Oh, good, girly needs a new diaper (she's currently in a snappi'd hand-dyed indian cotton flat diaper, folded with the origami fold, isn't that awesome?), which frees me from continuing to ramble and you from continuing to read.

Sunday, February 04, 2007

I had a dream

Not to be confused with I have a dream. This is about an actual dream. I remember almost all of my dreams these days, as I tend to be ripped from them unceremoniously by the scream of a baby. My dreams end with the scratchy shriek of a record ripped from a record player (remember those?), but I do remember them.

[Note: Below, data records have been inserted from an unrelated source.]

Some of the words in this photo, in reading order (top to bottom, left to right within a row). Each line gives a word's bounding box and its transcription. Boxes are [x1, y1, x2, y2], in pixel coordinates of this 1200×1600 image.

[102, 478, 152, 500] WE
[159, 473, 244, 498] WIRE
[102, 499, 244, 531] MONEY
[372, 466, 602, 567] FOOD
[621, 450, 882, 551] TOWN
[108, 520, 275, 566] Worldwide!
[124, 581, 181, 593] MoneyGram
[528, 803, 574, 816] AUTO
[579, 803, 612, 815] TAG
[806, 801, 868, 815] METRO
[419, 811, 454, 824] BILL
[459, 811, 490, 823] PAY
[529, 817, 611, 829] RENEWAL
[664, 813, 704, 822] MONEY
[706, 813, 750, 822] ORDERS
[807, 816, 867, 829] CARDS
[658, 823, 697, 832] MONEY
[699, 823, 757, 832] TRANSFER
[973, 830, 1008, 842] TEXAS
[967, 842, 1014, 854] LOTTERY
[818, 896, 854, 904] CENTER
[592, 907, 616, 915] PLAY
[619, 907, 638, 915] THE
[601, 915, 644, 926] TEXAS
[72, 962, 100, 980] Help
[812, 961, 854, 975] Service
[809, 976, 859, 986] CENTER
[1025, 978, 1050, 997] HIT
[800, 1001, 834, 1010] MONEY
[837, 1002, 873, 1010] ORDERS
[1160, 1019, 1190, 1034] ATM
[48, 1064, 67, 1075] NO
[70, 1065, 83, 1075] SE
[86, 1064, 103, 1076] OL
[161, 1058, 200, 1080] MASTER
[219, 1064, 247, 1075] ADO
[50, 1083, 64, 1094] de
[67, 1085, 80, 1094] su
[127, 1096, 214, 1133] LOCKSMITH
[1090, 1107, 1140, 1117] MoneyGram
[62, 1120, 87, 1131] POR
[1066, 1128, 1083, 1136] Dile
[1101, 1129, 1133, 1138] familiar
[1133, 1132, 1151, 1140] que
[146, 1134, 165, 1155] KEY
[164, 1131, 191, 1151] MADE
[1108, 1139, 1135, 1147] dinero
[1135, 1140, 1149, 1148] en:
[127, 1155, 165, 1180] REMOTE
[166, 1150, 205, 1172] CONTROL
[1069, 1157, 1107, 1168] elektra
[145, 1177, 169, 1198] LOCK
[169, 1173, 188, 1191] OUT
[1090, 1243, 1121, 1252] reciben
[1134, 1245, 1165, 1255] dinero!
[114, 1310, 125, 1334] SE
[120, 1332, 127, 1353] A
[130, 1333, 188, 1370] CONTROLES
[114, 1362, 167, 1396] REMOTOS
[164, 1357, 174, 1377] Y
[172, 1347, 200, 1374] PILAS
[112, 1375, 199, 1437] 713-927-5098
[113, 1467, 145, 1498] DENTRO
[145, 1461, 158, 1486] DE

In this particular dream, I was being given a tour of the prison I was about to enter for 26 years. The tour was pleasant and reminiscent of a college orientation - here is the gym, here are the medical facilities. I was to enter the prison the following morning, but first had to have some dental work done. Why was I going to prison? This part was vague, but my impression is that I had stolen a car. I realized, part way through my prison tour, that I would miss the children growing up, and I got very sad.

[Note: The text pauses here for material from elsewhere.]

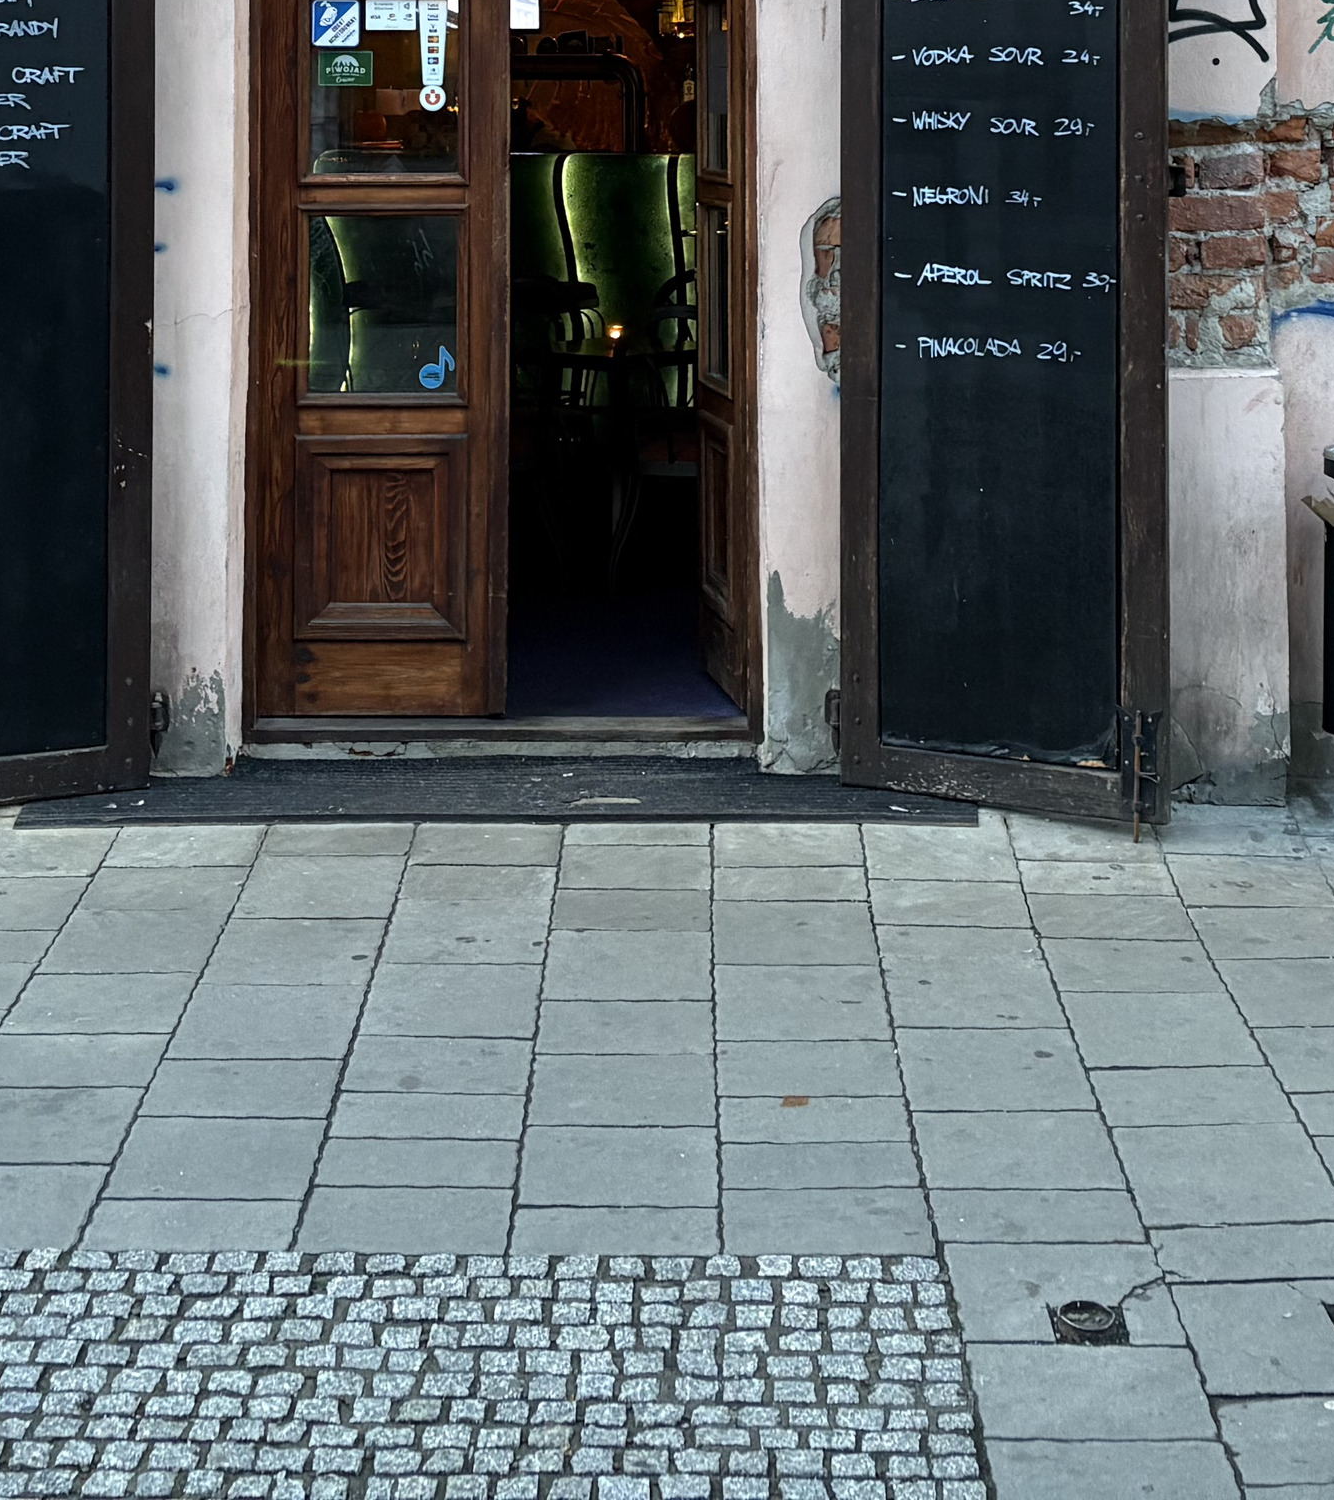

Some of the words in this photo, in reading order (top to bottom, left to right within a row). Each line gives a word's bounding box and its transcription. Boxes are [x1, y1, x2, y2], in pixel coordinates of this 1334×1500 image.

[12, 67, 85, 84] CRAFT
[325, 66, 366, 74] PIWOJAD
[1007, 270, 1071, 289] SPRITZ

Then I woke up, started spending time with my children, and decided to steal a car. Ha! Just kidding!

Things to note (I'm list-prone these days, helps my feeble brain feel orderly):
1. I would have suspected that any crime I'd commit would be more violent and less materially-based than grand theft auto.
2. In my dream, I didn't consider for a moment that my husband might not still be waiting for me 26 years later. I must have a lot of faith in our marriage. Good to know.
3. I really should call the dentist. It's been awhile.

Saturday, February 03, 2007

I have a dream. Sort of.

At long last, I am writing the promised life dream post. As is my wont, I'm already changing my mind about this, because my attention span can be best measured in seconds, not years or even months, but here it is anyway:

I want to buy a small farm (a farmette, if you will) near the city. Just a few acres. I want to have a couple horses (this is the only part of the dream that has actually persisted throughout my entire life) and some goats. I need the goats - and this is the part that puts my husband into hysterics - so I can card their wool, spin it into yarn, and knit it. Oh, and I want to homeschool my kids on the farm.

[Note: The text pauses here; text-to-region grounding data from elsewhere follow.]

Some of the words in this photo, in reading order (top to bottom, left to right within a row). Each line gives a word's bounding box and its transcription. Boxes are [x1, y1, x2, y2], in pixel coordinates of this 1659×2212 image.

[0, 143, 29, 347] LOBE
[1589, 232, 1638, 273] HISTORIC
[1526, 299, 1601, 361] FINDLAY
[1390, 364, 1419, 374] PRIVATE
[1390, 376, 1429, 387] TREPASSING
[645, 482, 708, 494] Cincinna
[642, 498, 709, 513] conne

It's funny that I'm visualizing this possible future 10 years after moving to the city to start my IT career. I remember that year well, and my dreams then involved climbing the corporate ladder fast and breaking any glass ceilings I encountered. I was engaged, but to someone I actually didn't like all that well (what can I say, my past is littered with ill-conceived choices), and although I knew I wanted children some day, I imagined that day to be far off into the future. Plus, I think I had some vague notion that I could be uber-career-girl AND have a family, having bought the feminist ideals of my mother's generation wholesale and forgetting (or having not yet discovered) that I totally and completely suck on no sleep. And am pretty lazy, really. Oh, and hate working.

I'm fickle, though. I started looking at houses for sale around here the other night (we're not moving, I was just killing time), and found a really gorgeous, huge old house that costs a fortune. So that made me think I should go back to work and make boatloads of money and buy a large house. Why are my dreams so immoderate? I want either extreme simplicity or extreme luxury. Well, since simplicity is cheaper, that's not as hard a decision as it sounds.

What I should dream of is becoming a competitive eating champion. I could totally win at eating. I have been blowing through an alarming amount of food this week, even by my own usually very high standards.

Friday, February 02, 2007

Things I have said waaaaaaay too many times today

1. Be quiet, the babies are asleep.
2. Don't spit on your brother.
3. Stop throwing things.
4. Be quiet.
5. The babies are asleep.
6. Don't knock the baby over.
7. Be quiet.
8. The babies are asleep.
9. Go to your room.
10. Be quiet.
11. I don't want to see your penis in the living room.
12. Be quiet.
13. Go to your room.
14. BE. QUIET. The babies are asleep.